(Dataset entries)

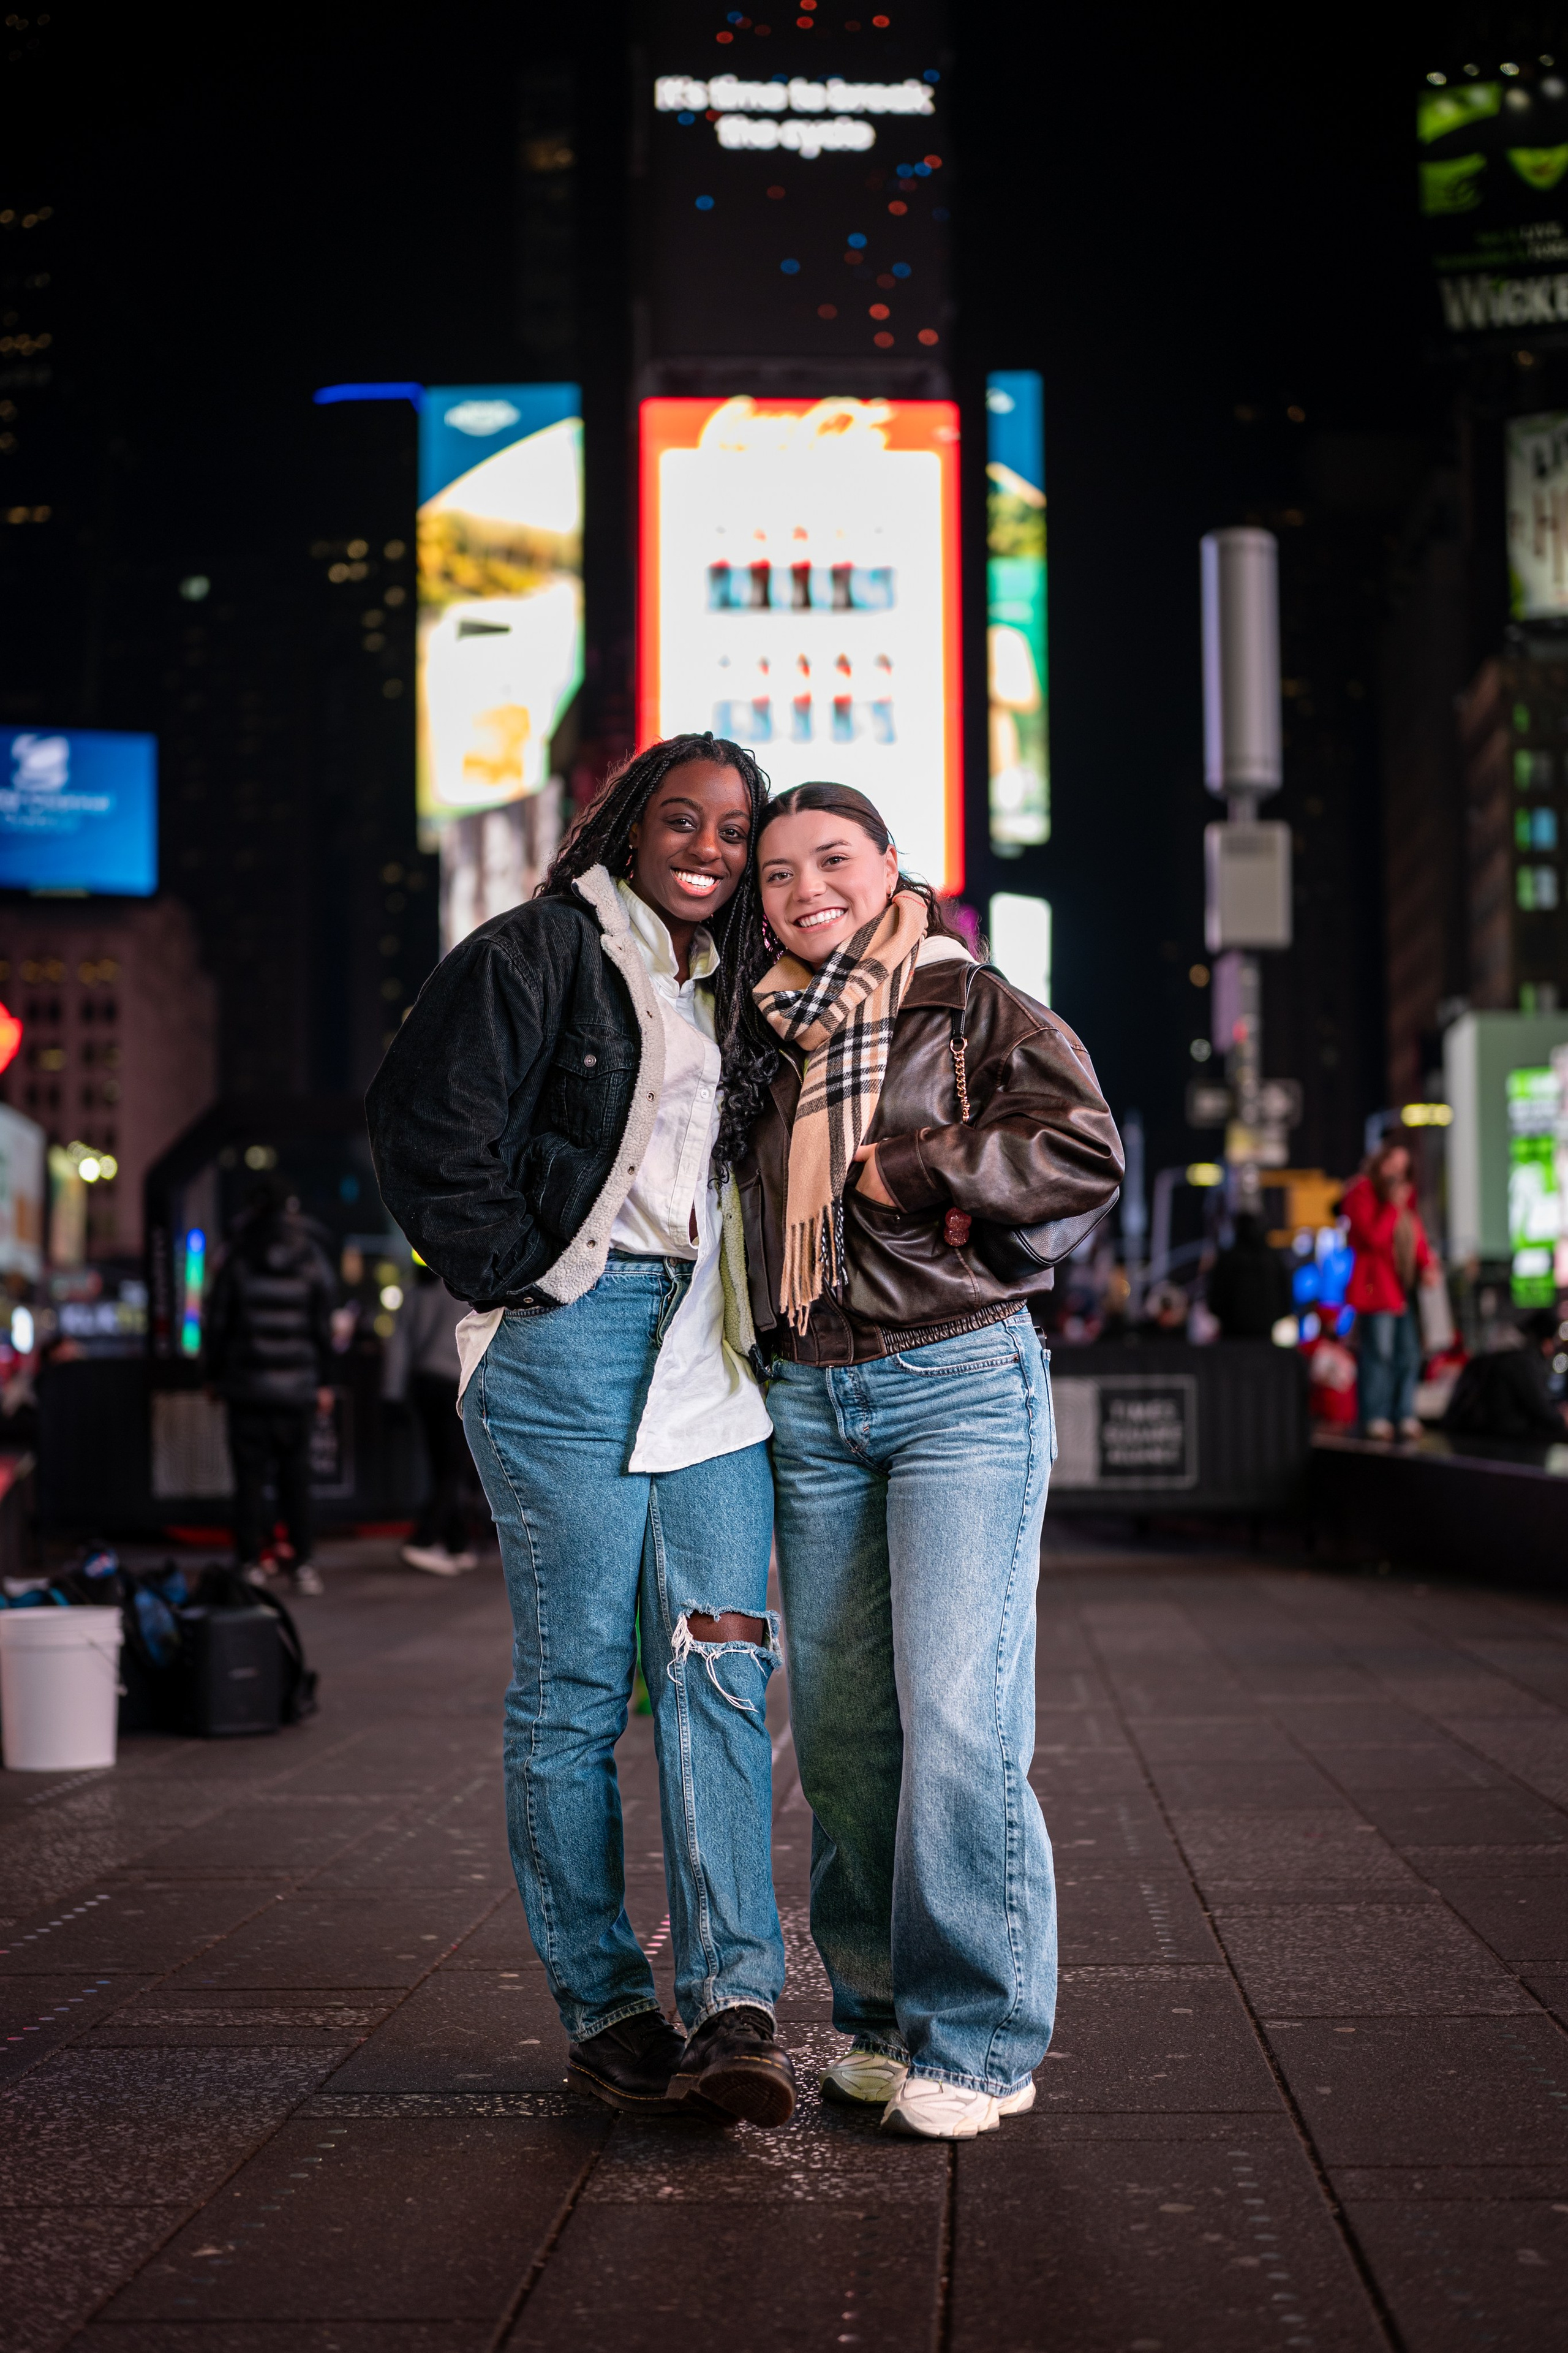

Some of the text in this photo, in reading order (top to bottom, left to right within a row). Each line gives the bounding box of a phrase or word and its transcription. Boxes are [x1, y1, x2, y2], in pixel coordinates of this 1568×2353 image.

[709, 74, 788, 111] time
[789, 78, 827, 112] to
[715, 114, 780, 150] the
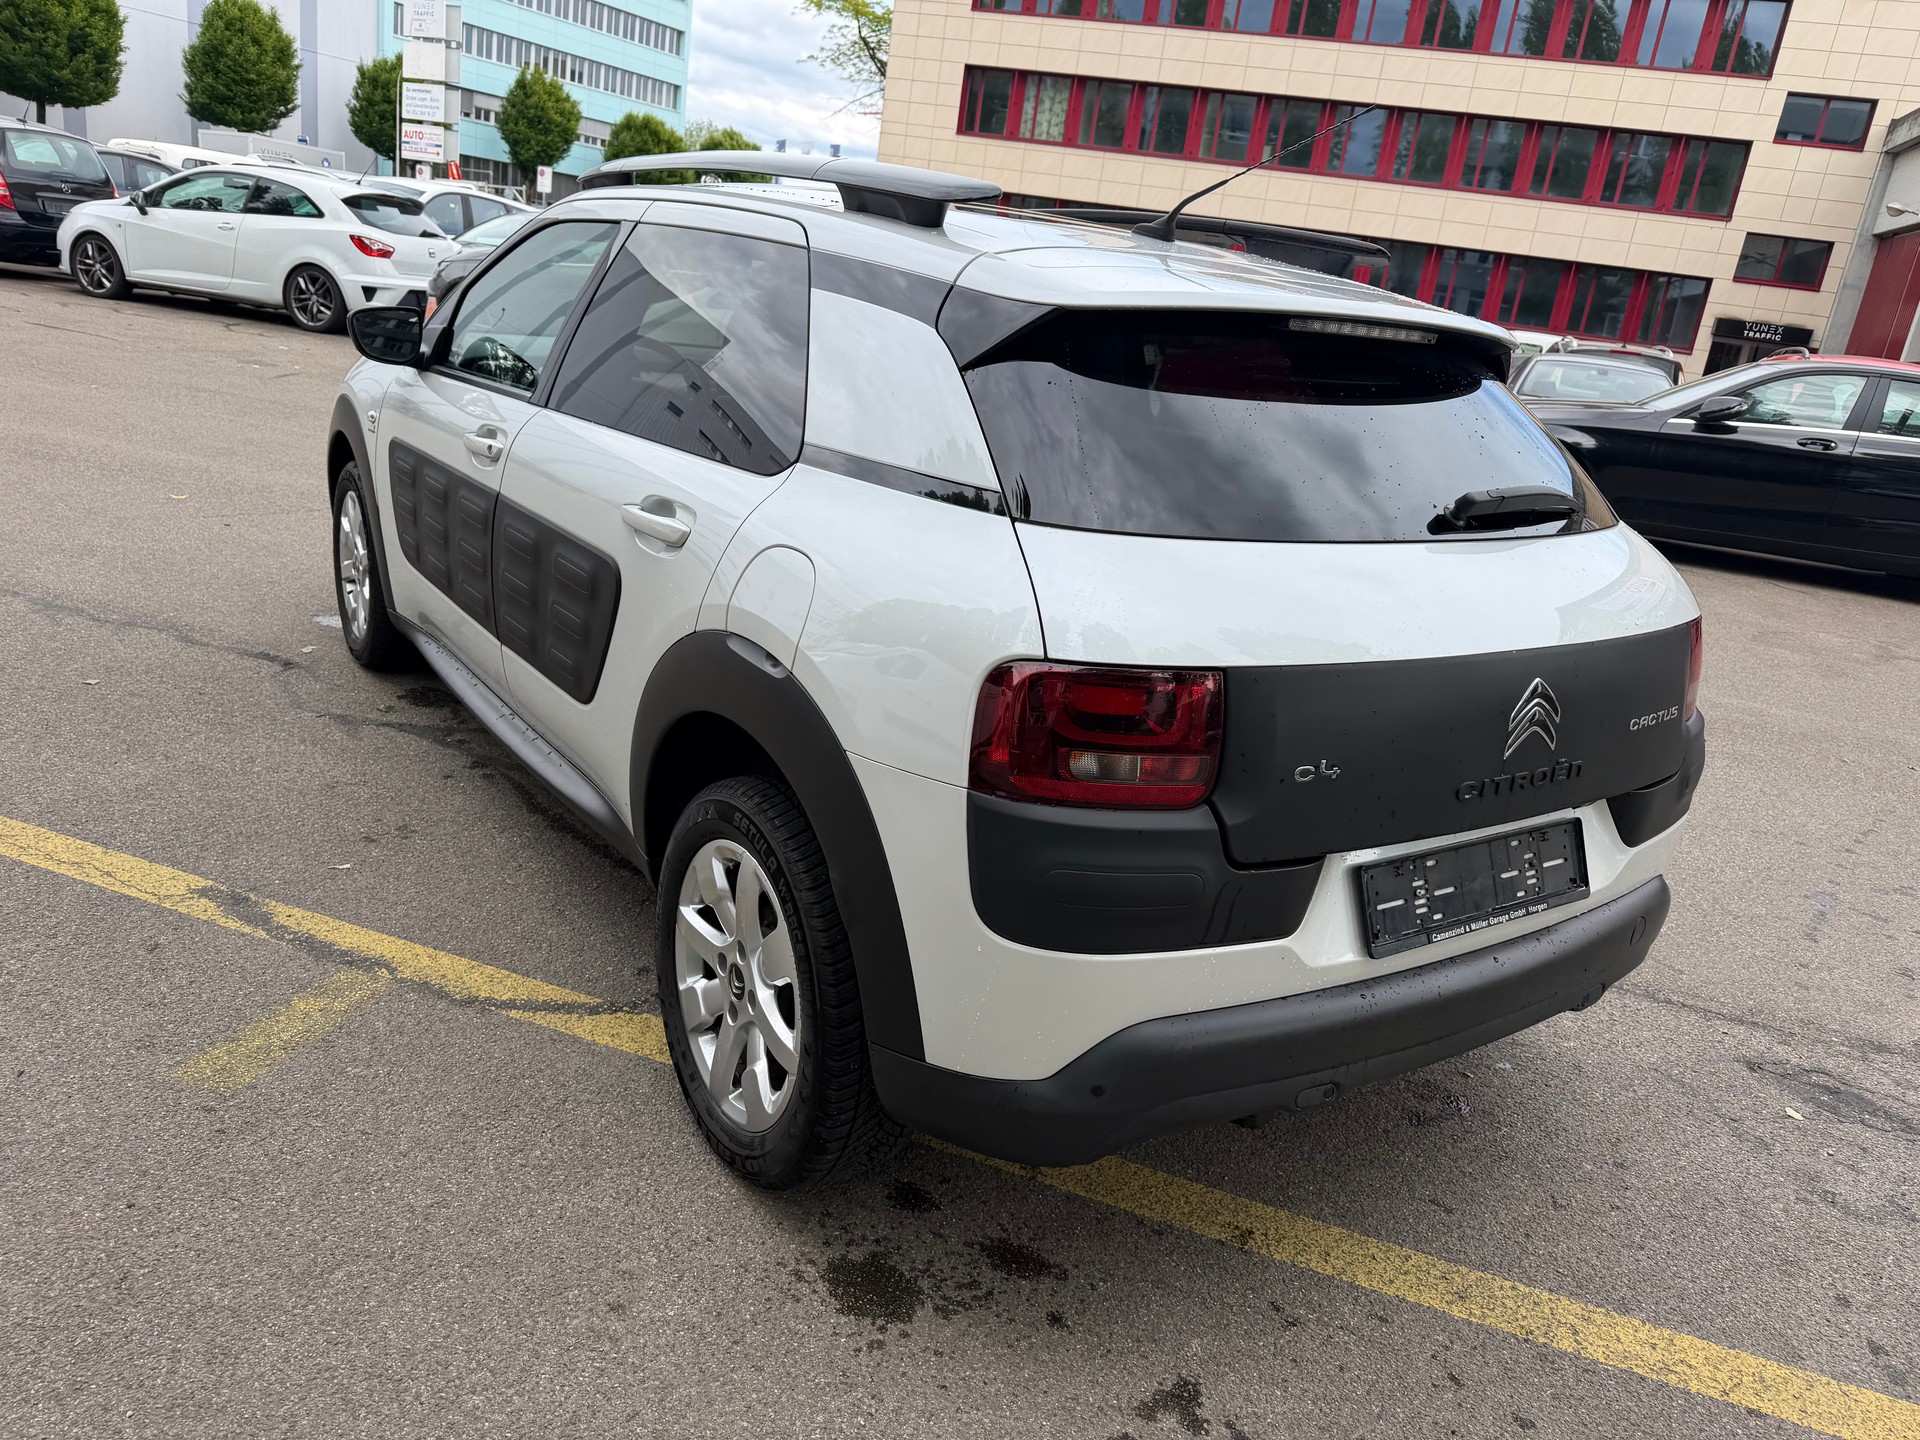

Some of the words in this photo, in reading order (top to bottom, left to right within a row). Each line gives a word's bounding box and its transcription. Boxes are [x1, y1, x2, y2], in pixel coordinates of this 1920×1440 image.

◆ WHAT NEEDS TO BE DONE
Keep the pictures out and write out the records exactly.

◆ EXERCISE OUTPUT
Some of the text in this photo, in reading order (top to bottom, left to right within a row). Each line gives the bounding box of a phrase or word and its transcription. Boxes are [x1, y1, x2, y2], in pixel coordinates of this 1568×2353 image.

[709, 74, 788, 111] time
[789, 78, 827, 112] to
[715, 114, 780, 150] the

Some of the words in this photo, in reading order (top to bottom, left to right within a row). Each line gives a word's bounding box and its transcription. Boxes are [x1, y1, x2, y2], in pixel coordinates of this 1920×1440 image.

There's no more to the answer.